Host shifts are the focus of the third study where Escalante is the ASU principal investigator. This is a project involving multiple investigators and institutions coordinated by Escalante and Lisa Jones-Engel, a field biological anthropologist from University of Washington working on human-primate interactions. In this work, Jones-Engels and Escalante, together with researchers from University of California at Davis and the Fred Hutchinson Cancer Center in Seattle, will examine the evolution, recombination, emergence and exchange of simian retroviruses between human and nonhuman primates. Escalante will also explore the dynamics of nonhuman malarial parasites as part of his vivax-macaque malaria project.

This project will provide valuable information for assessing how human society influences the ecological contexts in which cross-species disease transmission occurs. To date, most research on emerging primate-borne disease has focused on perceived high-risk human populations, such as bushmeat hunters in Africa, and zoo and primate laboratory workers in Western countries. In contrast, little is known about the pathogen exchange between primates in close contact with humans in Asia.

According to Escalante, humans in Asia come into contact with primates in many different ecological contexts besides bushmeat hunting and consumption. There are urban primates, temple primates and wildlife and pet markets. Primates, such as macaques, are also used to harvest coconuts. These complex human-primate interactions increase the potential for cross-species shifts in disease. Jones-Engel and Escalante will be based in Bangladesh with an accessory field site in Indonesia for this work.

Prior to joining ASU, Escalante was a researcher with the Division of Parasitic Diseases at the Center for Disease Control and Prevention in Atlanta, where he still maintains strong ties. His research has had global implications, involving a network of partners in the United States and international collaborators in Bangladesh, Cameroon, India, Indonesia, Kenya, Peru, Tanzania, and Venezuela.

“My long-term goal is to establish bridges among the epidemiological, ecological and evolutionary biology perspectives to address infectious diseases,” says Escalante.

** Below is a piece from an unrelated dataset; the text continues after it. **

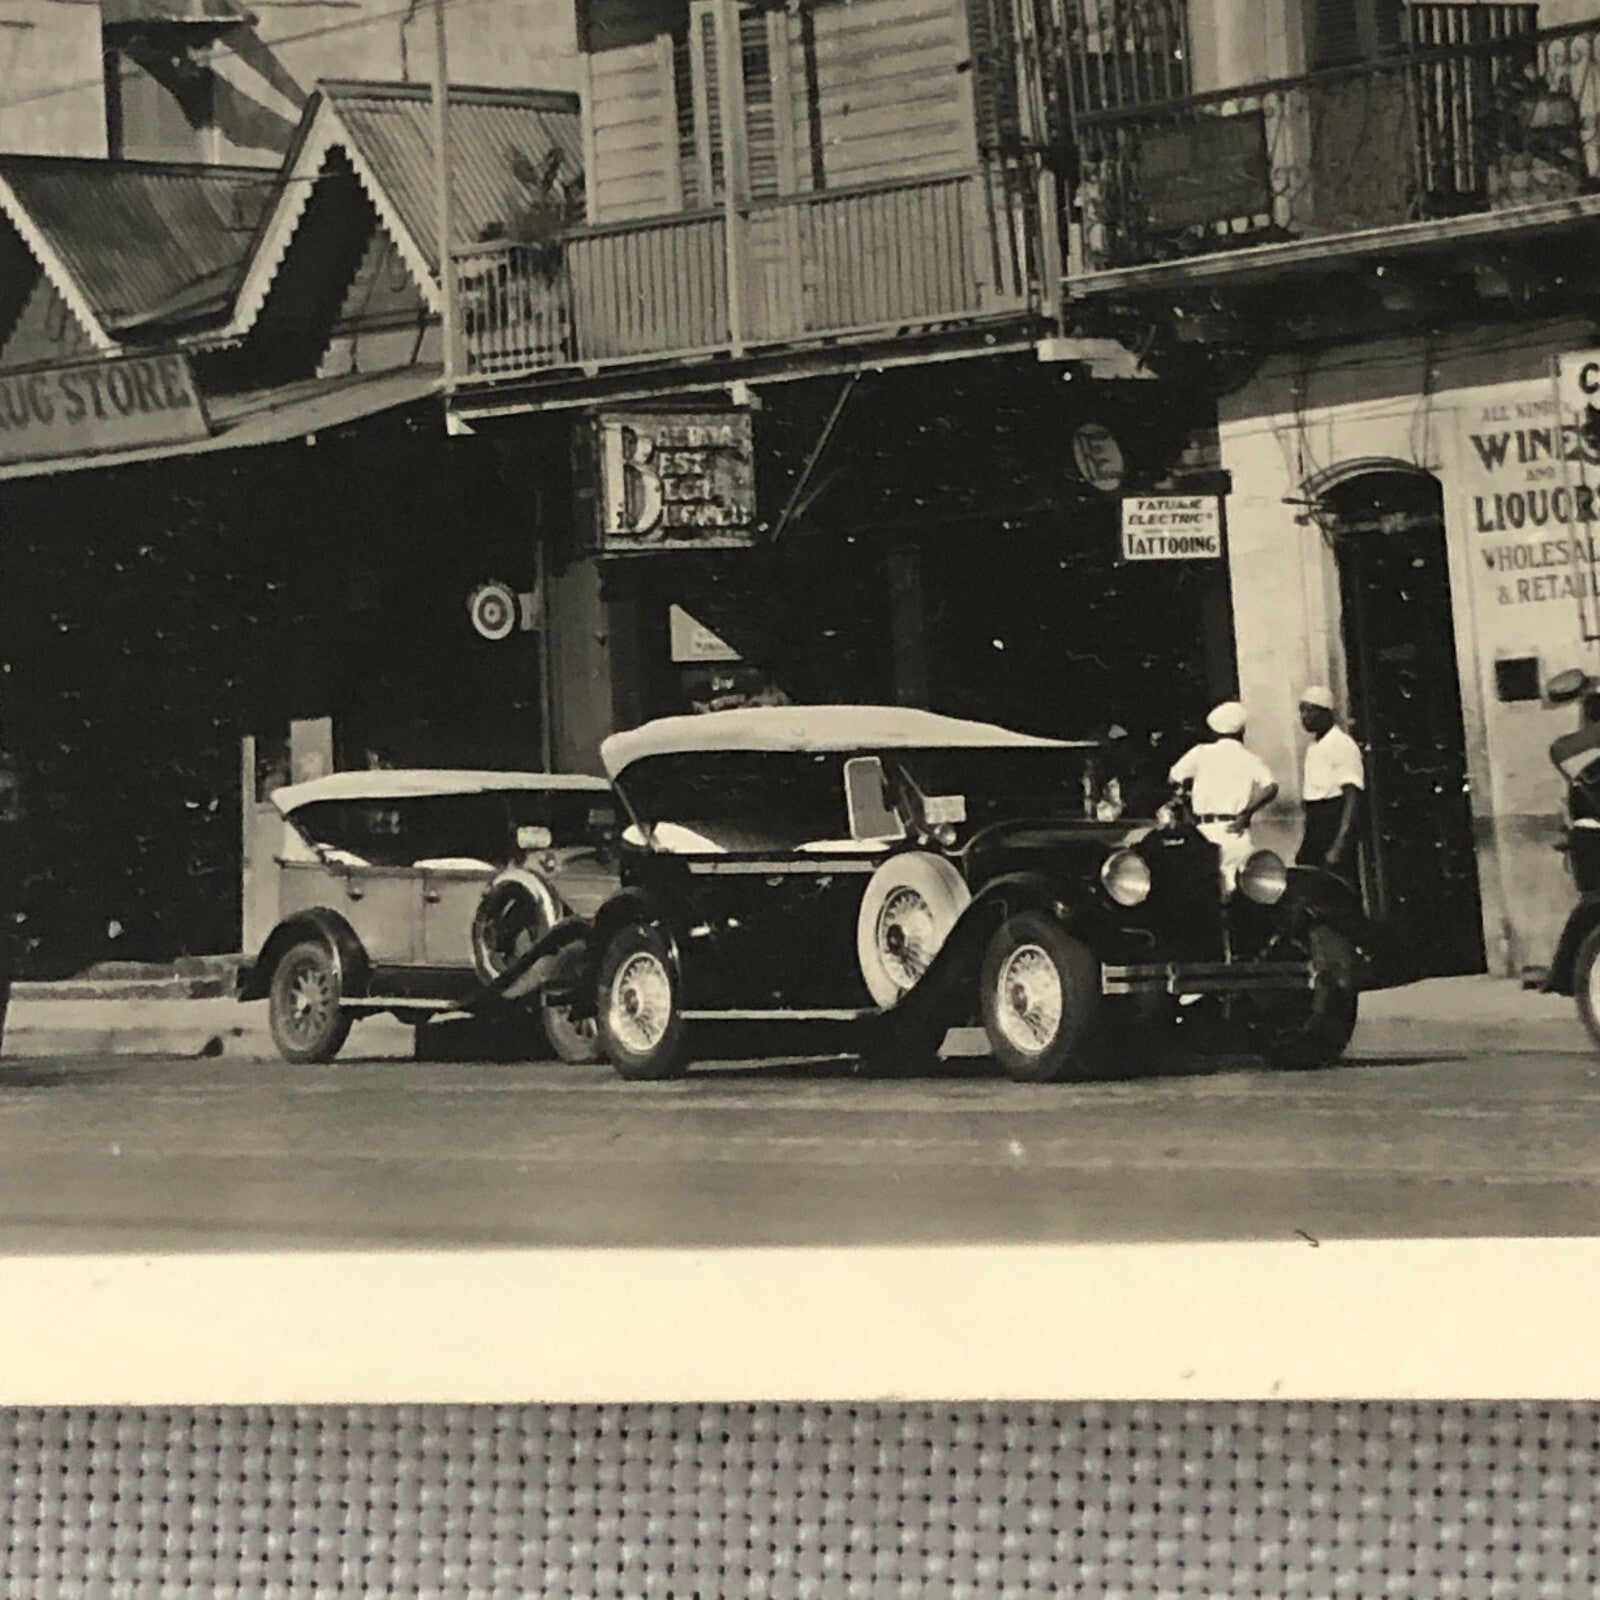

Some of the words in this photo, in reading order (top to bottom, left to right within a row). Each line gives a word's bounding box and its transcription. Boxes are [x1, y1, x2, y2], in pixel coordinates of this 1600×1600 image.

[0, 374, 55, 431] UG
[58, 353, 192, 426] STORE
[1127, 534, 1216, 555] TATTOOING

“Events such as the Severe Acute Respiratory Syndrome or SARS epidemic and the spread of antimicrobial resistance have increased awareness about the need for incorporating laboratory-based research in decision-making processes that involve public health,” Escalante explains.

“Molecular information, together with concepts from ecology and evolutionary biology allows the public health community to test hypotheses and explore scenarios that otherwise could not be investigated by traditional epidemiological approaches.”